Overstated revenue figures and predictions were reported to the board, when founder Sachin Dev Duggal was still in charge. In March, he was replaced as CEO by Manpreet Ratia, a managing partner at Singapore-based Jungle Ventures, which had previously invested in Builder.

Prior to Duggal’s exit, previously booked sales had been uncollected for long periods, raising concerns about revenue recognition and leading Builder’s new leadership to commission a law firm to carry out an internal investigation, the FT reported.

Leadership and stakeholders were presented with the findings last week, with the law firm reportedly indicating there may have been efforts to inflate revenues at the company.
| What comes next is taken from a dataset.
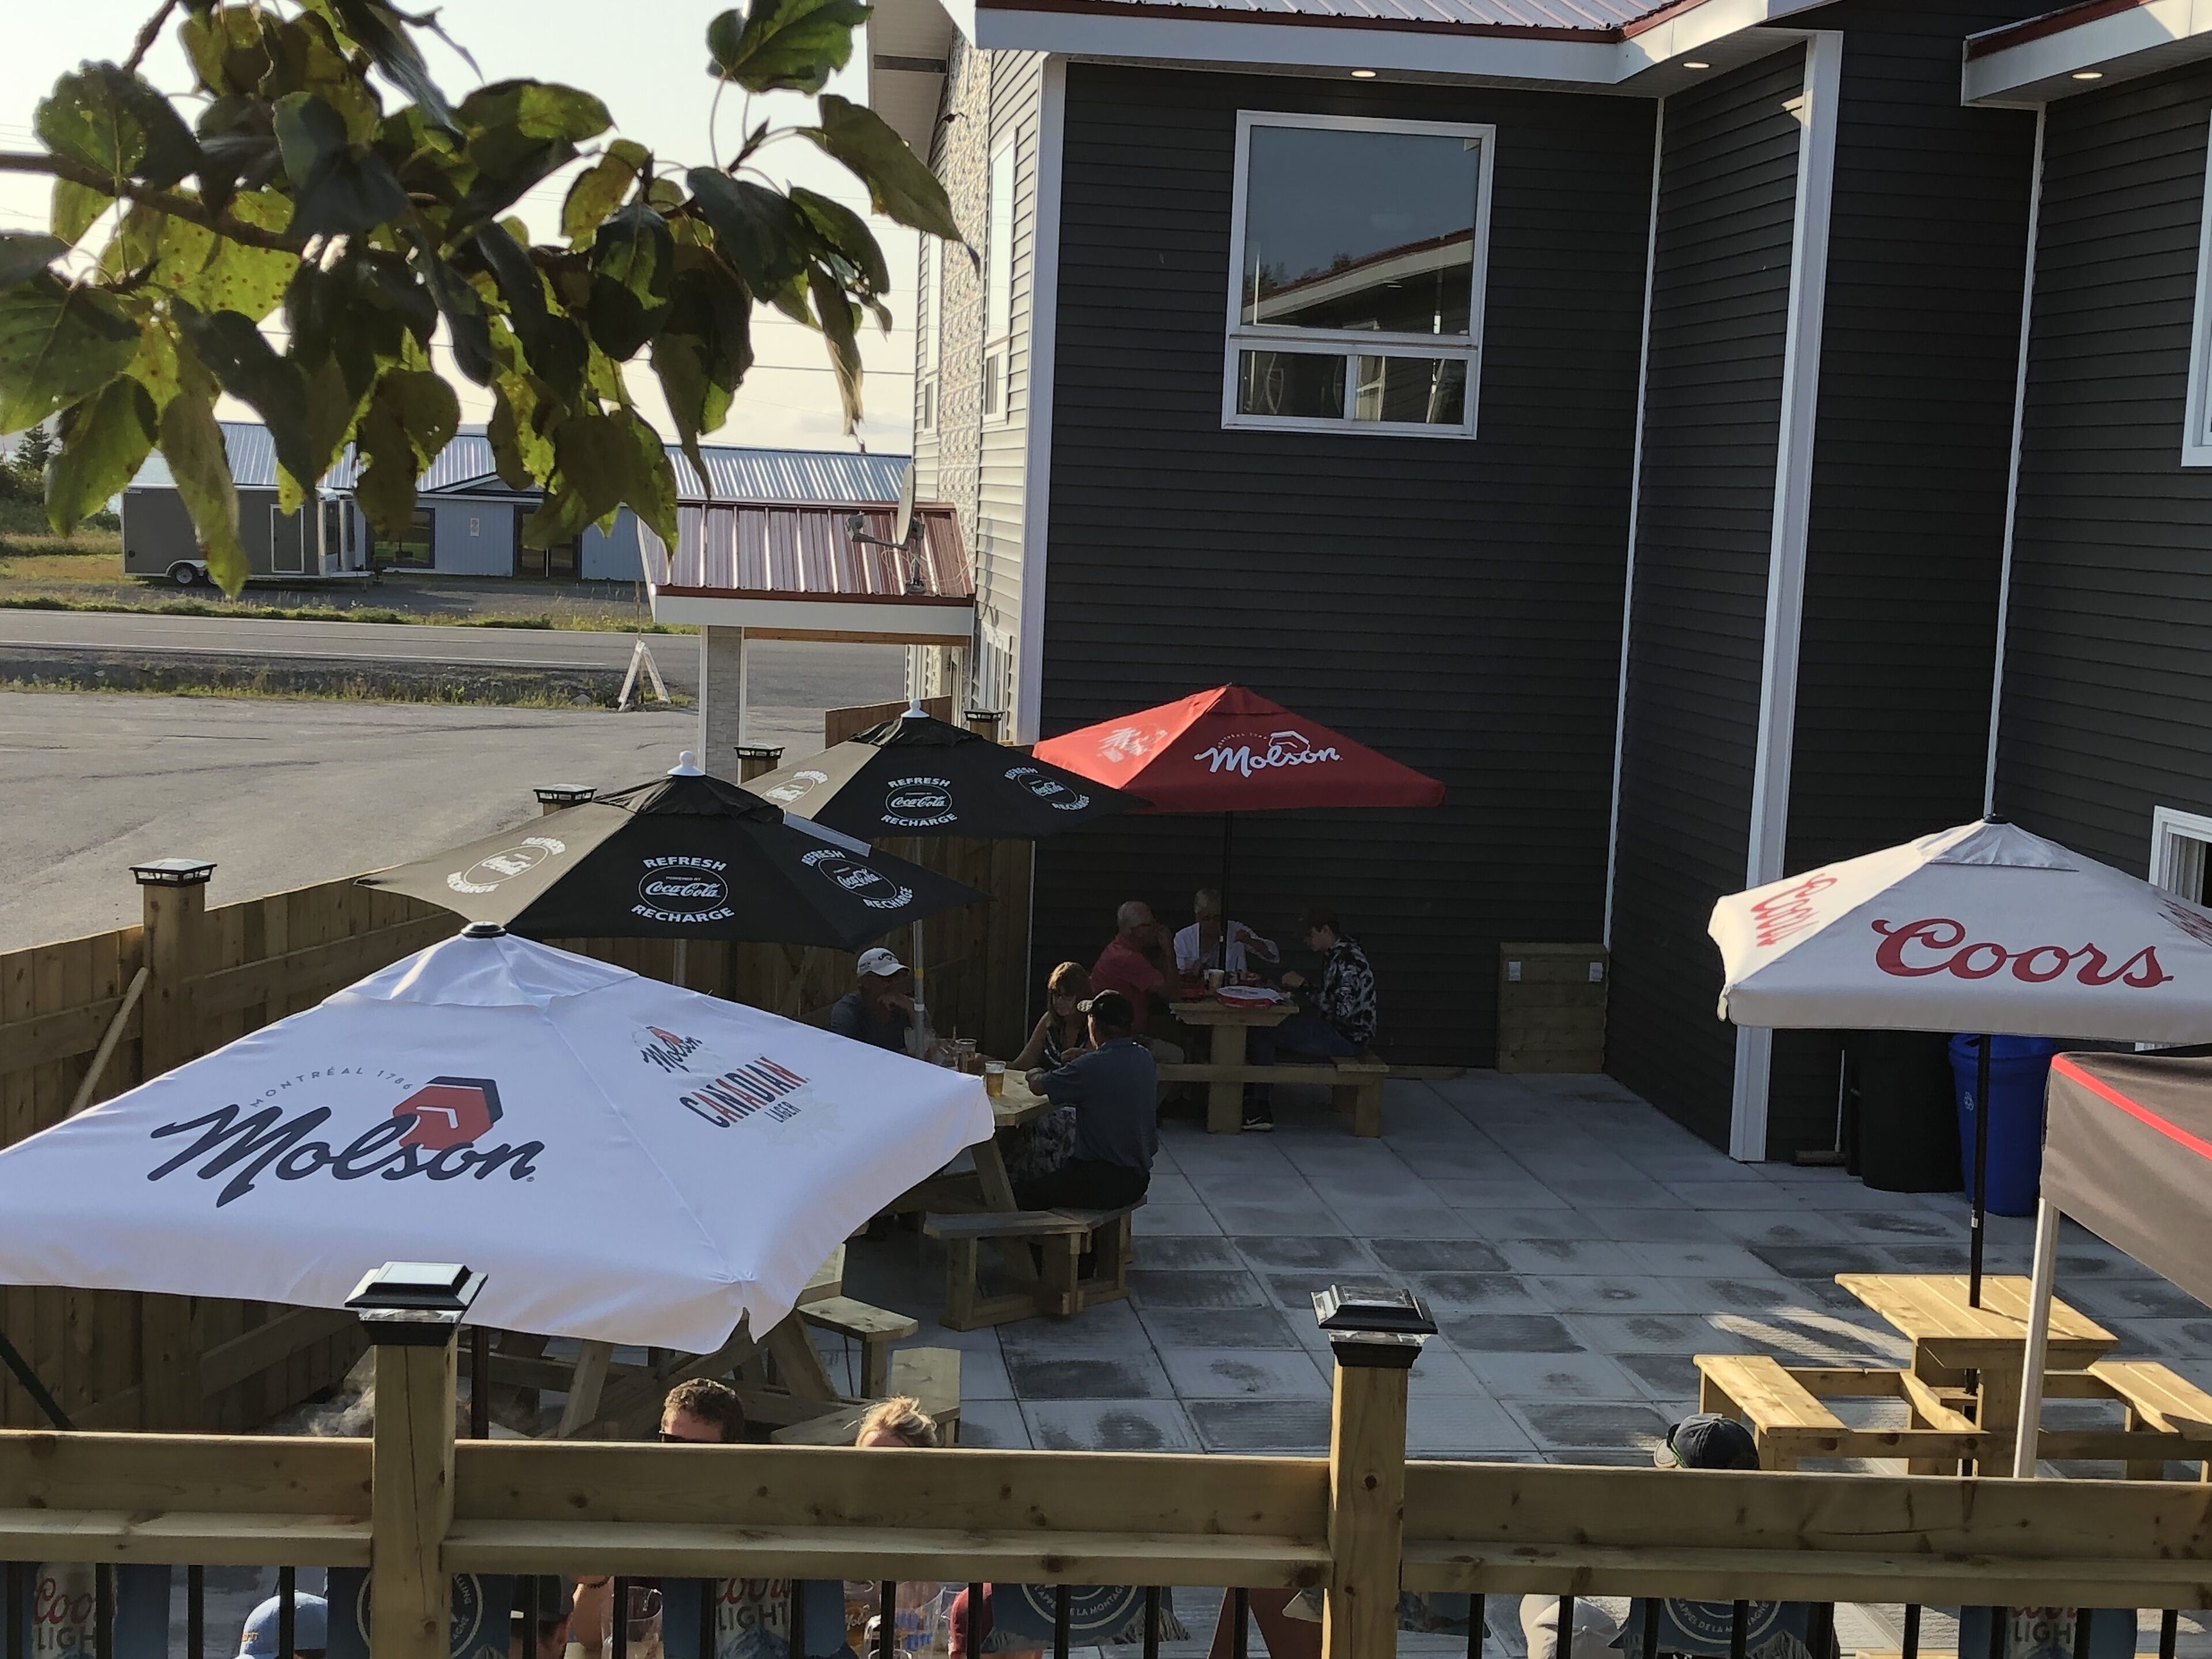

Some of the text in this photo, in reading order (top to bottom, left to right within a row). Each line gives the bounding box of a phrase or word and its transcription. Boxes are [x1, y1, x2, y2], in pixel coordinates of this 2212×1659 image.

The investigation focused on “resellers” of Builder’s products, raising concerns over whether some of them were not genuine, two people familiar told the paper.

Builder declined to comment on the internal investigation, adding that the company was "focused on an orderly wind down and preserving value for our employees”.
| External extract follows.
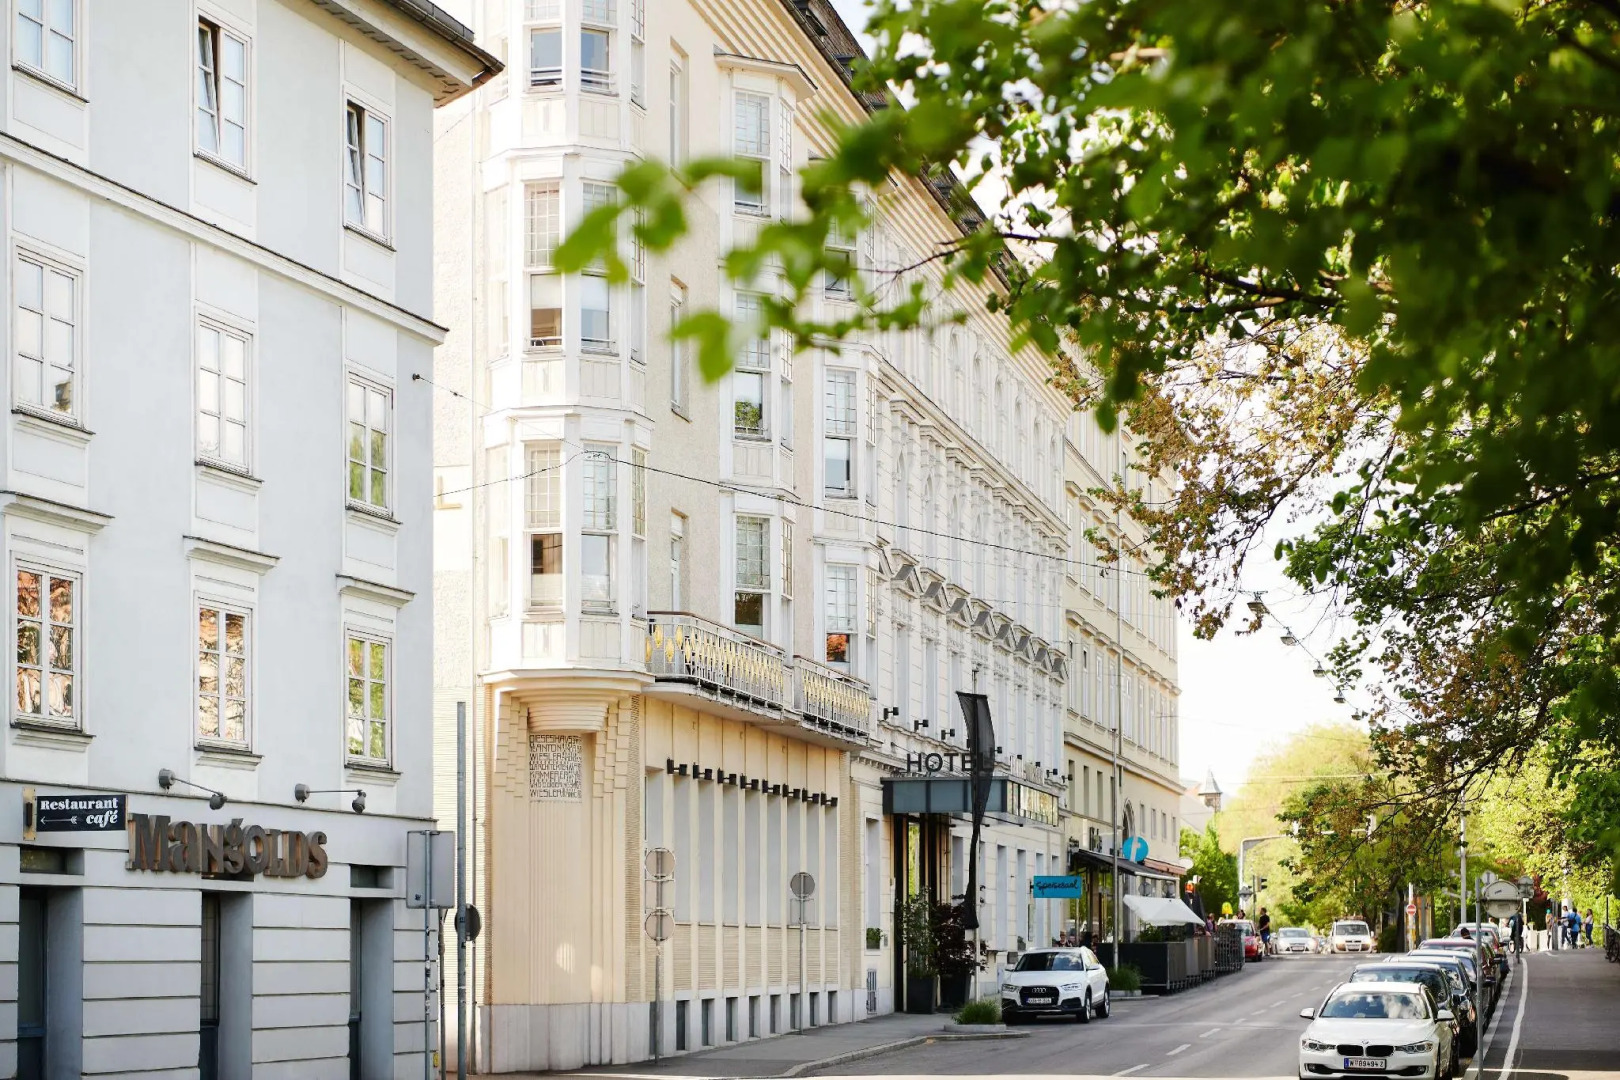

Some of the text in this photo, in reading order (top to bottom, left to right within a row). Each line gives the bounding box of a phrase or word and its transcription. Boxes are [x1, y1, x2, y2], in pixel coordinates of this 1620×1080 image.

[906, 752, 994, 773] HOTEL
[40, 797, 118, 811] Restaurant
[85, 809, 118, 828] café
Sifted approached lenders Viola Credit, Cadma Capital and Atempo Growth for comment.

Pulling the plug

Builder used AI to help clients build customised apps, aiming to make the process as “easy as ordering a pizza”. 

One of the most-hyped UK startups, the unicorn last raised in a $250m round in May 2023 amid the AI boom following the release of ChatGPT. 

In a leaked investor update note seen by Sifted, Ratia hit out at a group of Builder’s most senior lenders after they “restricted all access to funds” provided under a $50m debt facility the startup drew down on late last year.

He told investors the company’s planned turnaround had been on track, claiming revenue for the quarter had already exceeded expectations.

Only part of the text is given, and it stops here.